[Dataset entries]
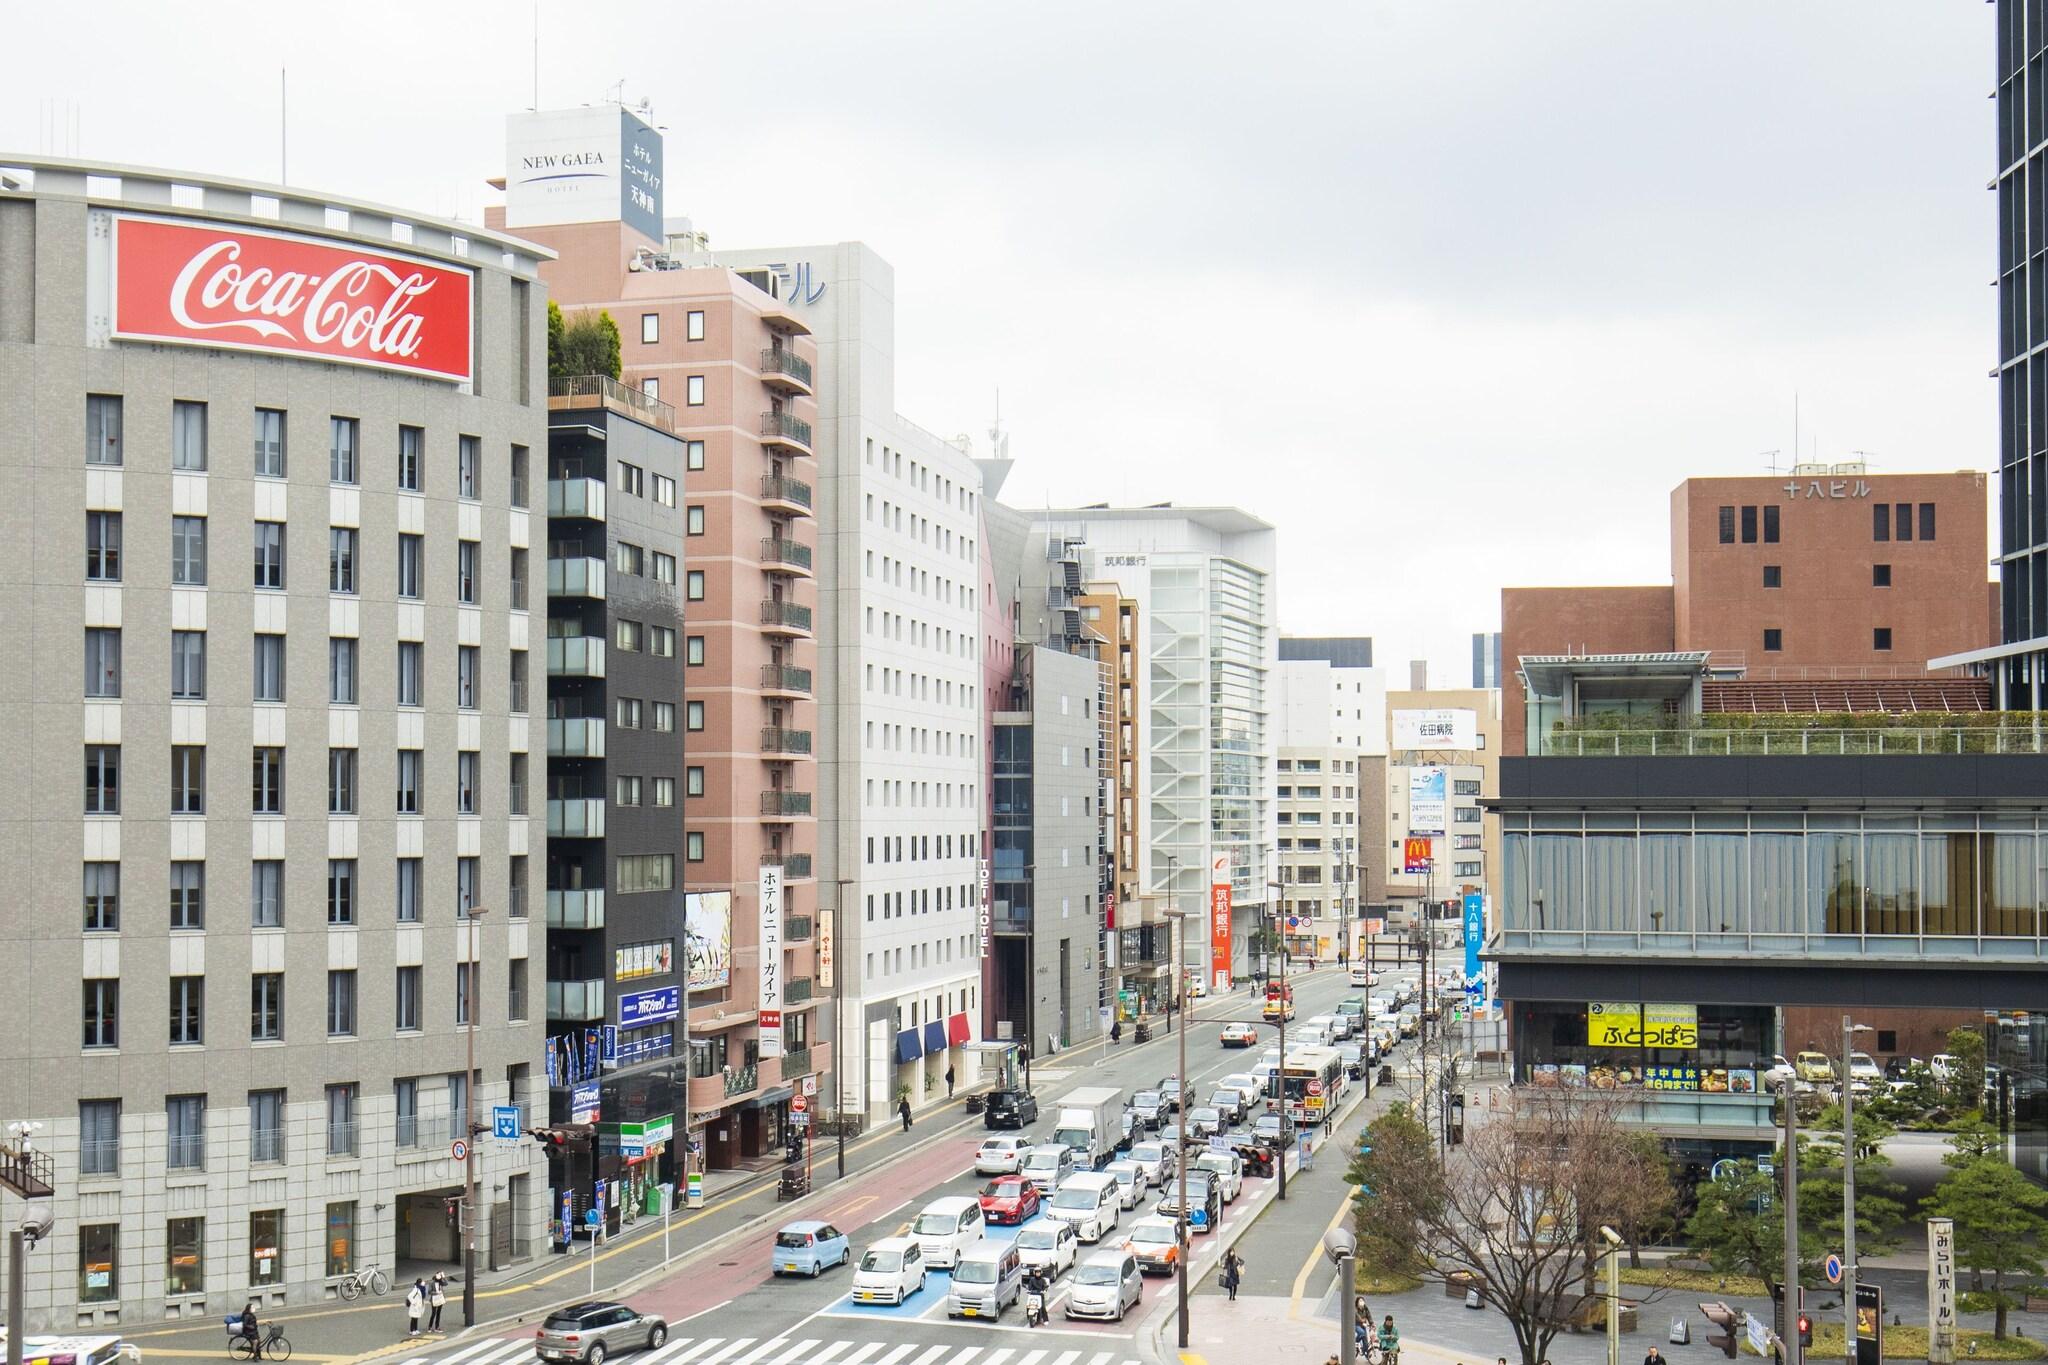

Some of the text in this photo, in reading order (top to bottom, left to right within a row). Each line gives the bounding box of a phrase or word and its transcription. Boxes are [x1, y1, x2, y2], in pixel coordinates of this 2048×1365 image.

[523, 151, 604, 169] NEW GAEA
[633, 143, 652, 164] ホテル
[624, 158, 661, 190] ニューガイア
[170, 240, 437, 357] Coca-Cola
[1783, 479, 1871, 499] 十八ビル
[1420, 723, 1453, 736] 佐田病院
[980, 859, 989, 958] TOEI HOTEL
[1215, 889, 1229, 938] 筑邦銀行
[1468, 902, 1479, 942] 十八銀行
[764, 872, 776, 1005] ホテルニューガイア
[1646, 1067, 1697, 1079] 年中無休
[1937, 1235, 1950, 1319] みらいホール

* Required action: Output each record above exactly as it stands, excluding all pictures.

* Response to this exercise:
Some of the text in this photo, in reading order (top to bottom, left to right within a row). Each line gives the bounding box of a phrase or word and its transcription. Boxes are [x1, y1, x2, y2], in pixel coordinates of this 2048×1365 image.

[523, 151, 604, 169] NEW GAEA
[633, 143, 652, 164] ホテル
[624, 158, 661, 190] ニューガイア
[170, 240, 437, 357] Coca-Cola
[1783, 479, 1871, 499] 十八ビル
[1420, 723, 1453, 736] 佐田病院
[980, 859, 989, 958] TOEI HOTEL
[1215, 889, 1229, 938] 筑邦銀行
[1468, 902, 1479, 942] 十八銀行
[764, 872, 776, 1005] ホテルニューガイア
[1646, 1067, 1697, 1079] 年中無休
[1937, 1235, 1950, 1319] みらいホール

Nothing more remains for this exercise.